↓↓↓
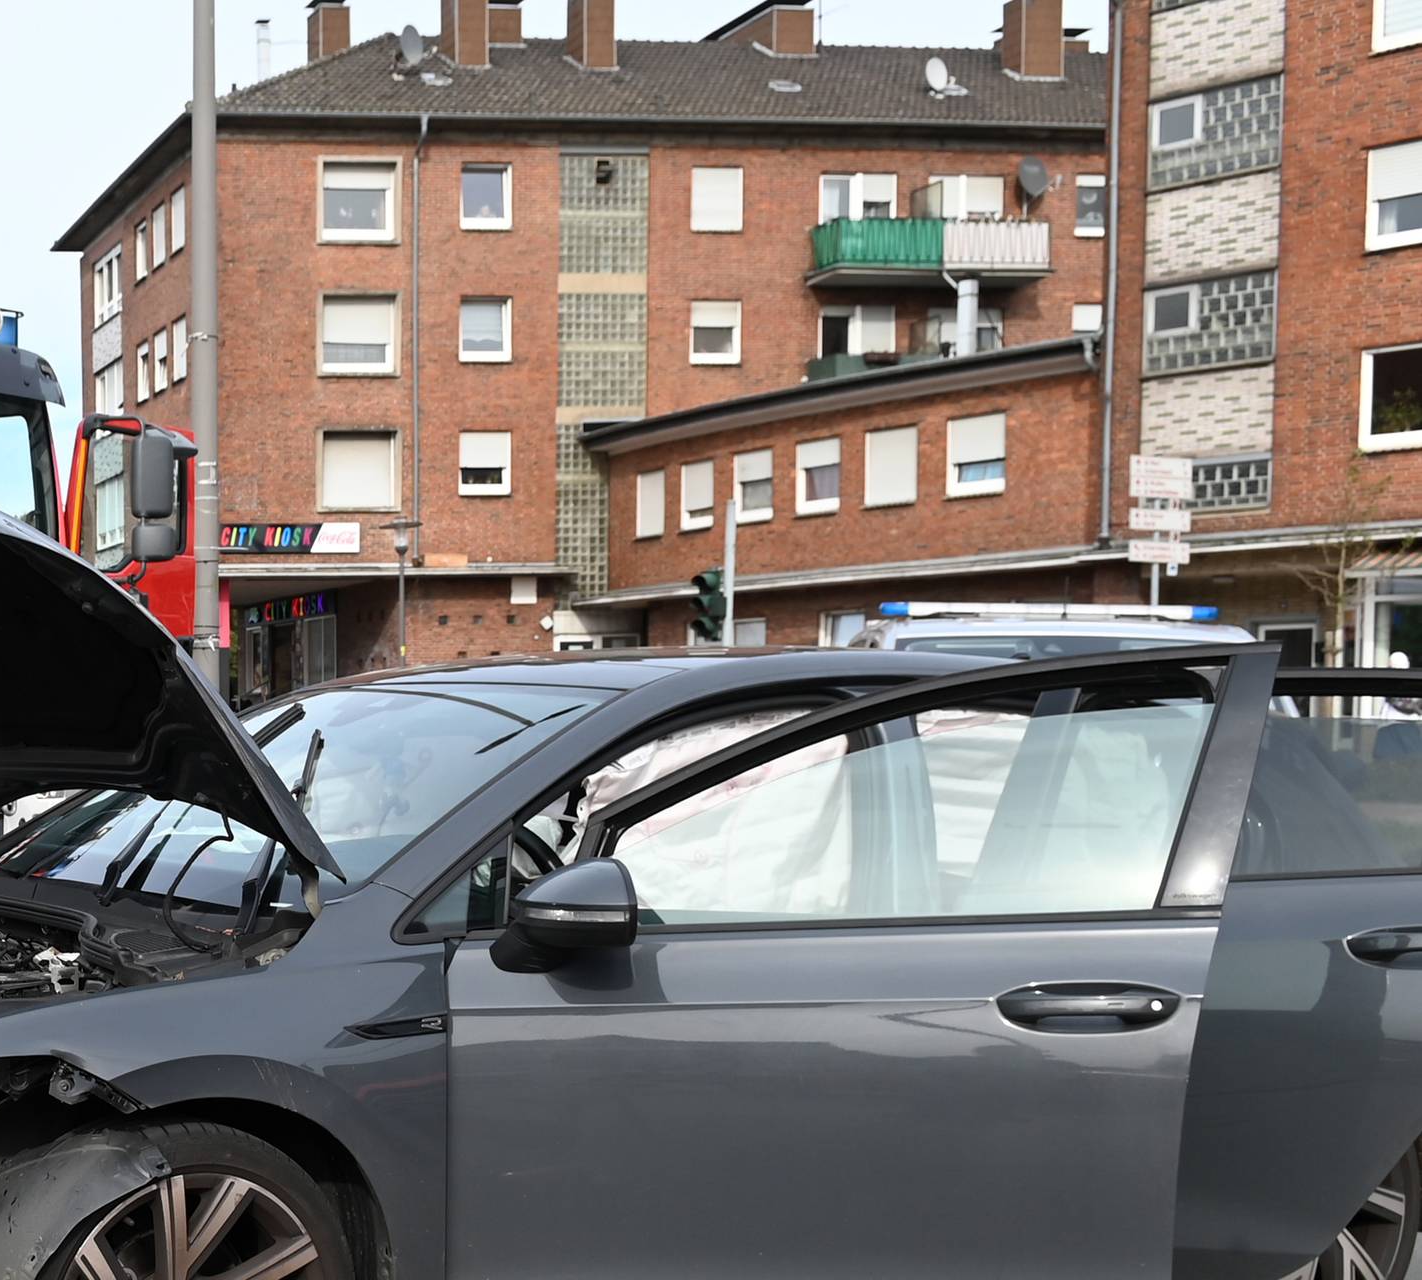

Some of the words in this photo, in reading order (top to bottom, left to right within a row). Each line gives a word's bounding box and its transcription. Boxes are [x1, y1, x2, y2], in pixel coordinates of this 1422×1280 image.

[221, 526, 257, 547] CITY
[263, 526, 315, 547] KIOSK
[264, 599, 287, 622] CITY
[291, 592, 324, 618] KIOSK
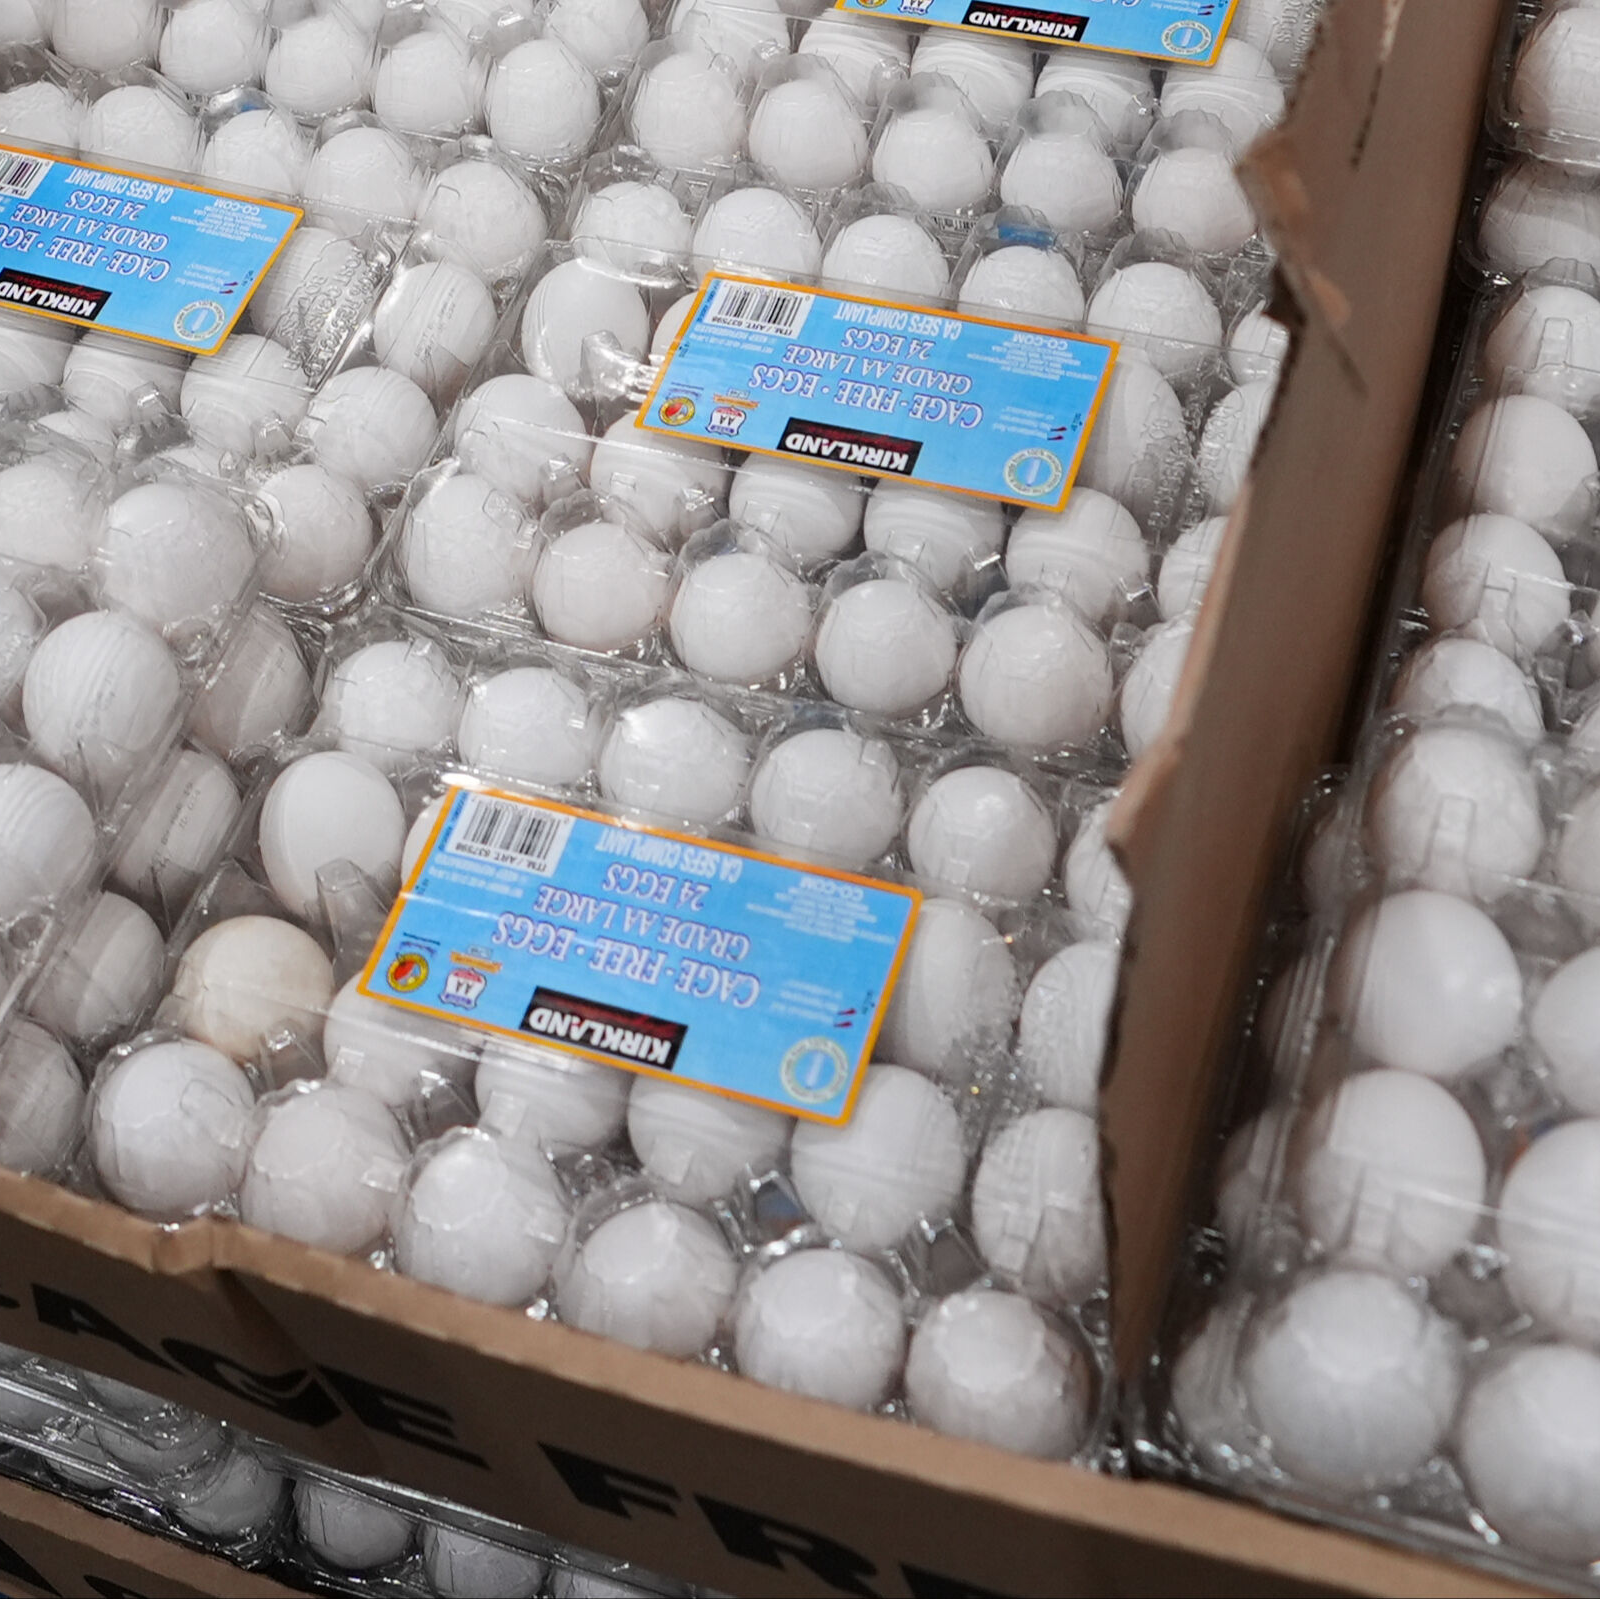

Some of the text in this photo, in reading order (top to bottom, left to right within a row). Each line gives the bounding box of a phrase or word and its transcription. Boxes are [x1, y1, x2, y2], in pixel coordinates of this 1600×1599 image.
↑↑↑
What is being asked: A faithful, word-for-word version of the records above is needed, with no images in it.

Final answer:
Some of the words in this photo, in reading order (top to bottom, left to right within a row). Each line gives a word's bounding box and its transcription. Boxes are [x1, y1, x2, y2], in pixel coordinates of this 1422×1280 image.

[221, 526, 257, 547] CITY
[263, 526, 315, 547] KIOSK
[264, 599, 287, 622] CITY
[291, 592, 324, 618] KIOSK

Some of the text in this photo, in reading order (top to bottom, left to right within a row). Each line gives the bounding box of a phrase or word and its transcription. Boxes are [x1, y1, x2, y2], in pixel coordinates of this 1600×1599 image.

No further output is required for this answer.